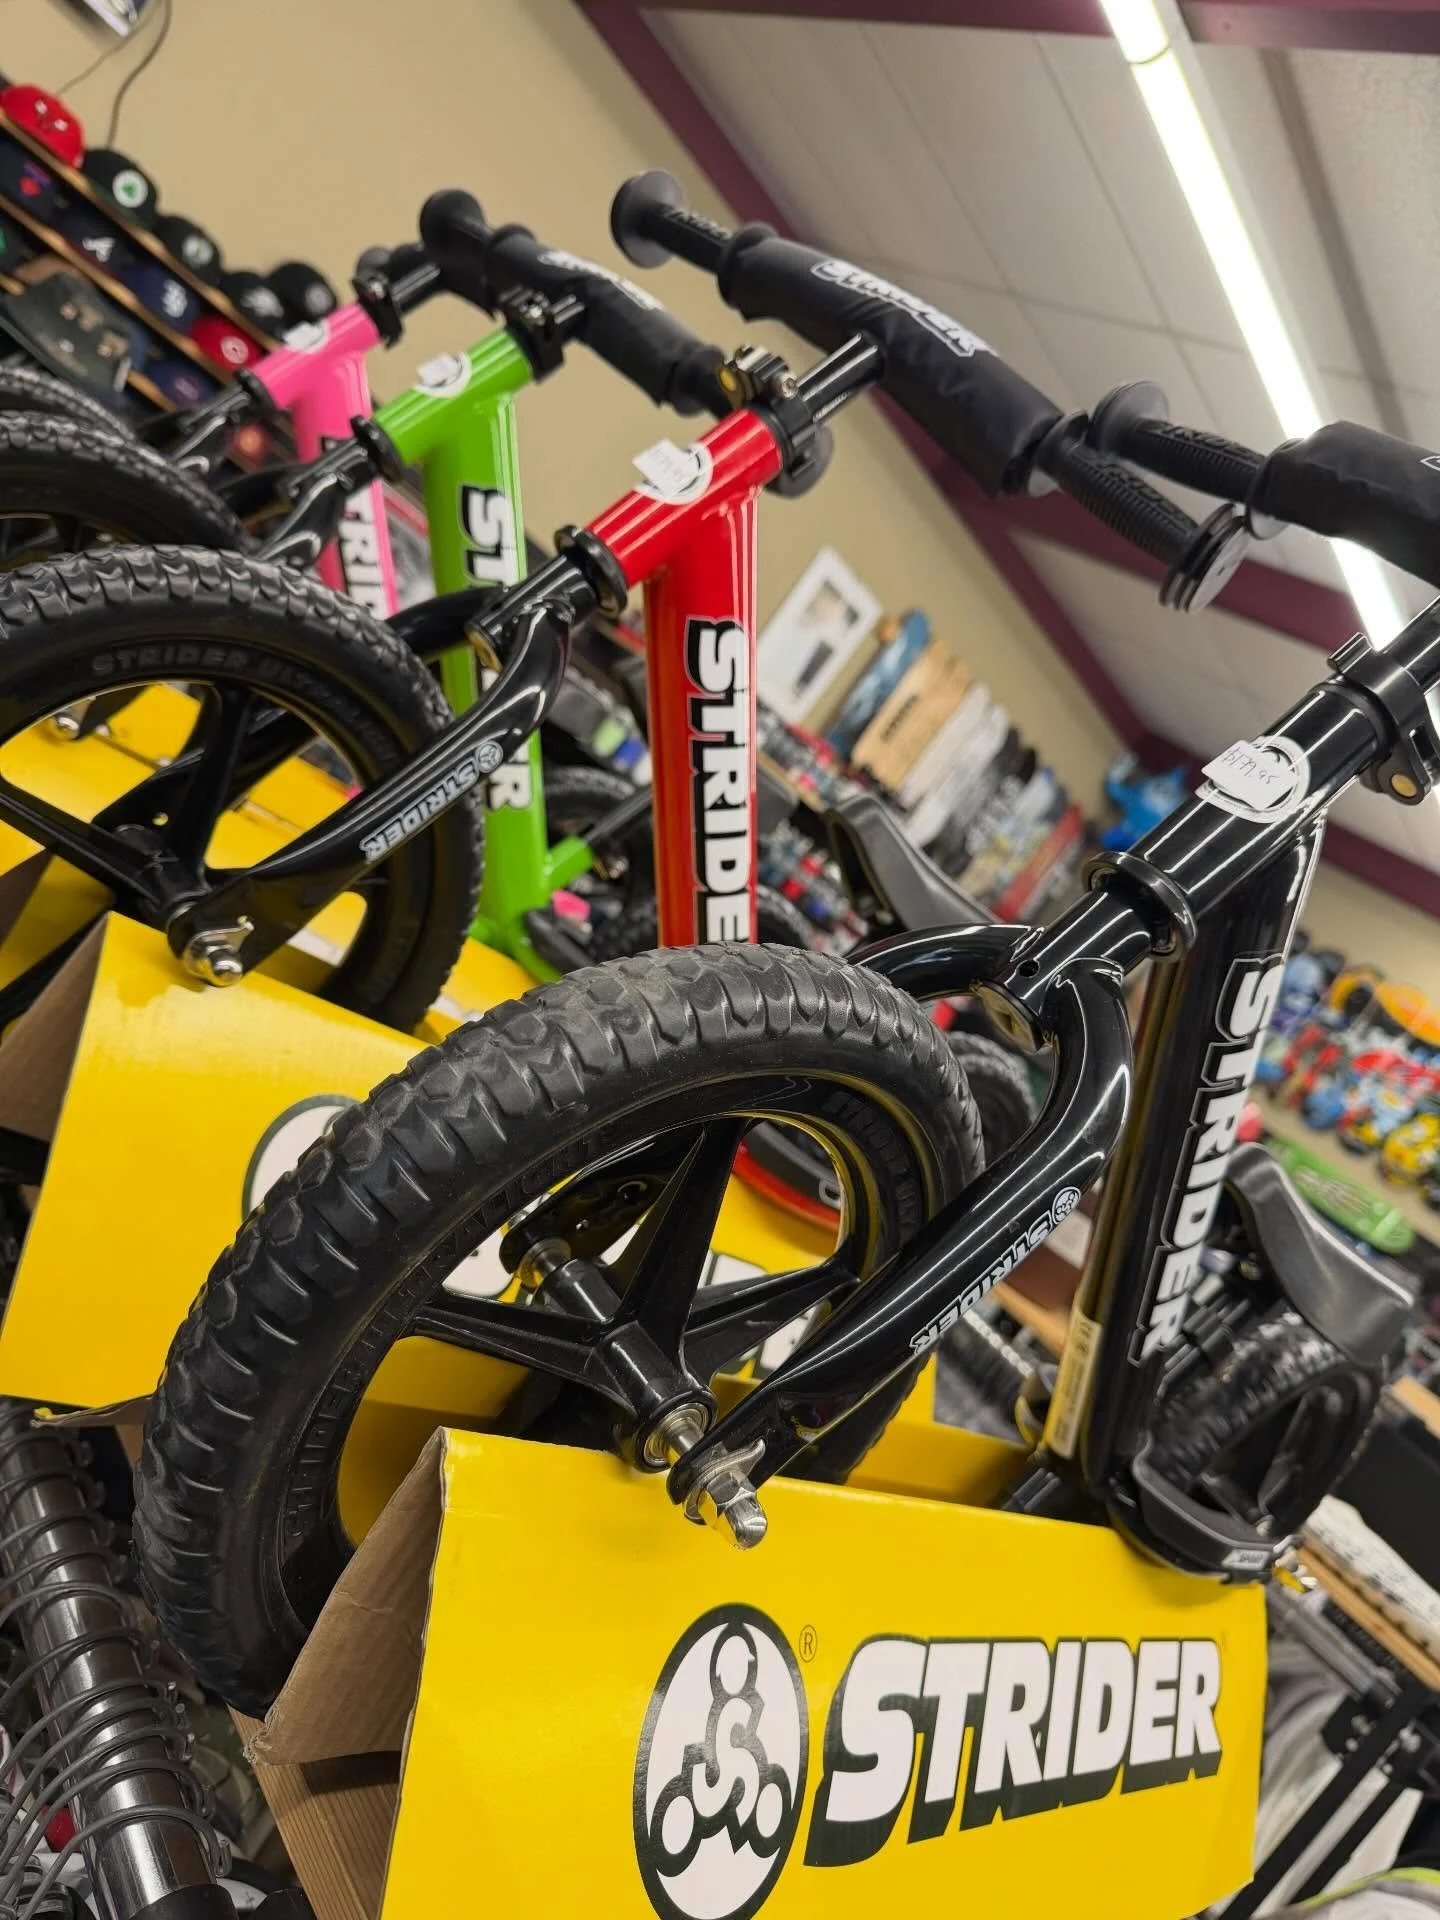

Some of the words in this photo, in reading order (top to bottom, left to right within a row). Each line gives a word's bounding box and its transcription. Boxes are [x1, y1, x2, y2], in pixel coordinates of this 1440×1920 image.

[91, 643, 248, 676] STRIDER
[359, 757, 481, 862] STRIDER
[684, 616, 750, 946] STRIDE
[1127, 955, 1285, 1368] STRIDER
[909, 1210, 1054, 1356] STRIDER
[804, 1633, 1222, 1867] STRIDER
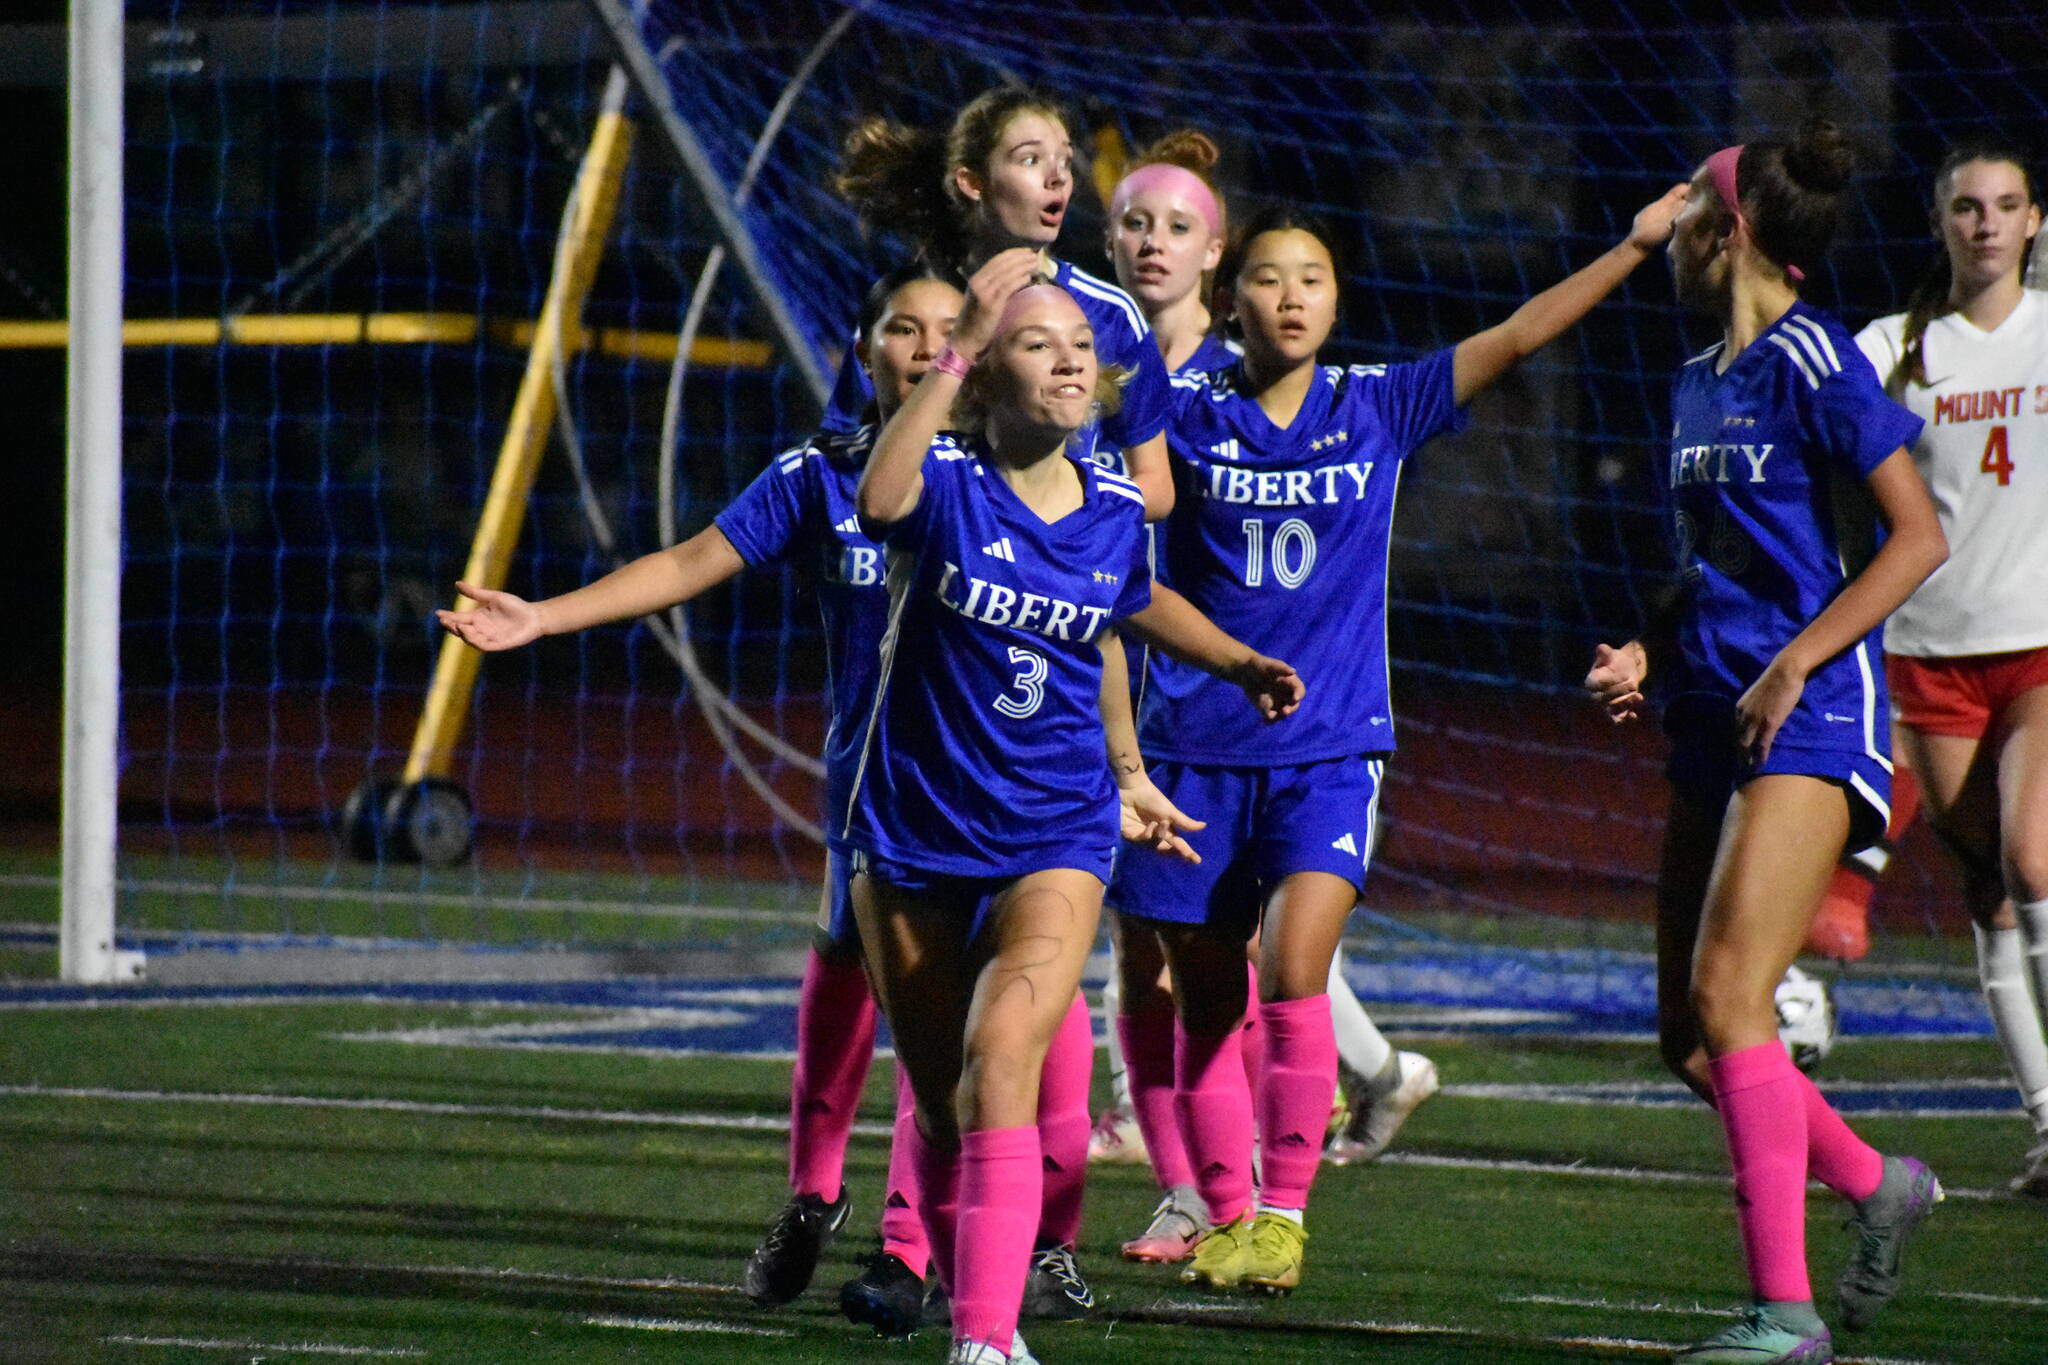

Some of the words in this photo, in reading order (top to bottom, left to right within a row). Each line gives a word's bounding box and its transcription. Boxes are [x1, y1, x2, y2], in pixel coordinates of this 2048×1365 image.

[1933, 387, 2026, 426] MOUNT
[1980, 425, 2016, 487] 4
[1242, 518, 1317, 589] 10
[936, 560, 1113, 644] LIBERT
[992, 646, 1049, 719] 3
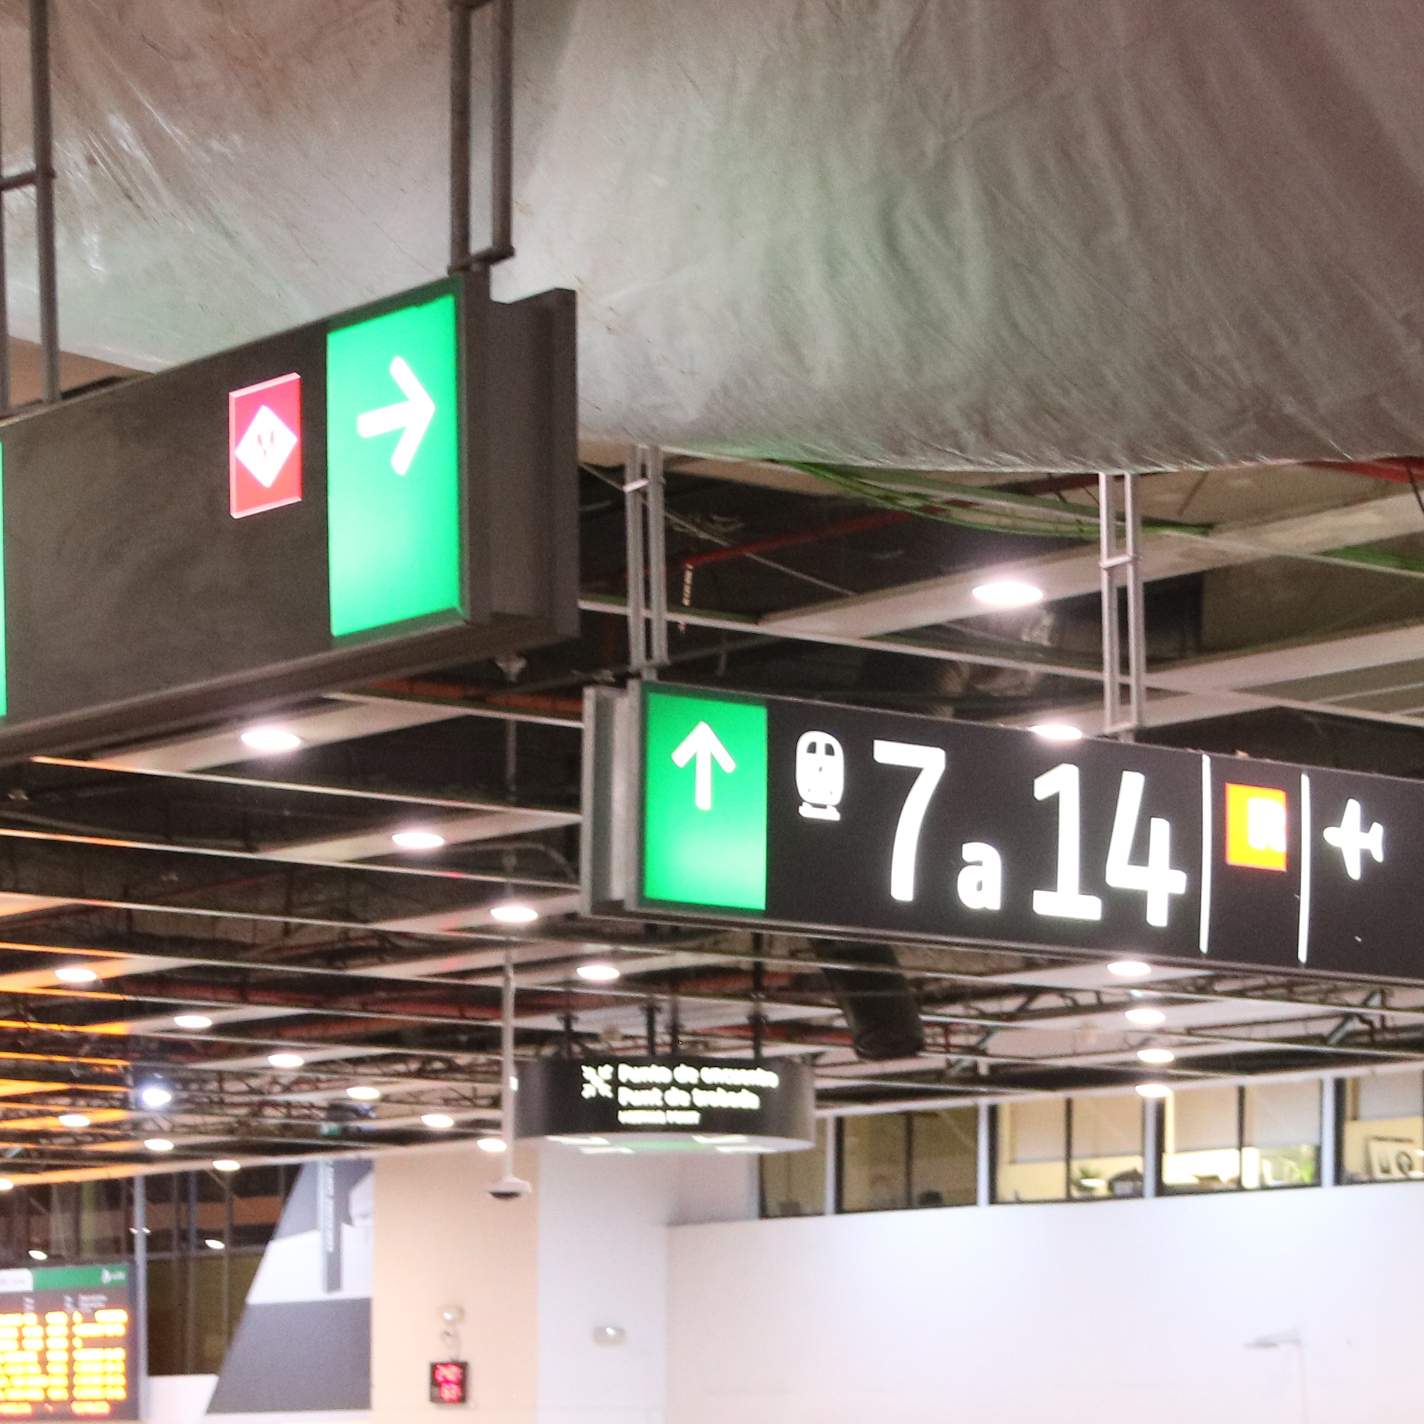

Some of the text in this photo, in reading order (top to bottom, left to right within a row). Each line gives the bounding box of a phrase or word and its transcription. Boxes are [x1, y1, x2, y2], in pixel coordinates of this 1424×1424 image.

Work to be completed -
Reproduce the lines above letter for letter. The pictures stay behind.

Output for this exercise -
Some of the words in this photo, in reading order (top to bottom, left to right within a row). Each line gives a word's bounding box and its transcription. Boxes are [x1, y1, x2, y2], in pixel coordinates of this 1440×1920 image.

[91, 643, 248, 676] STRIDER
[359, 757, 481, 862] STRIDER
[684, 616, 750, 946] STRIDE
[1127, 955, 1285, 1368] STRIDER
[909, 1210, 1054, 1356] STRIDER
[804, 1633, 1222, 1867] STRIDER

Some of the words in this photo, in reading order (top to bottom, left to right within a row). Each line gives a word's bounding box and its transcription. Boxes are [x1, y1, x2, y2], in pixel coordinates of this 2048×1365 image.

[1933, 387, 2026, 426] MOUNT
[1980, 425, 2016, 487] 4
[1242, 518, 1317, 589] 10
[936, 560, 1113, 644] LIBERT
[992, 646, 1049, 719] 3

Some of the text in this photo, in reading order (top to bottom, left to right within a row). Each line gives the bounding box of a phrase or word and its transcription. Boxes are [x1, y1, x2, y2], in pixel coordinates of this 1424×1424 image.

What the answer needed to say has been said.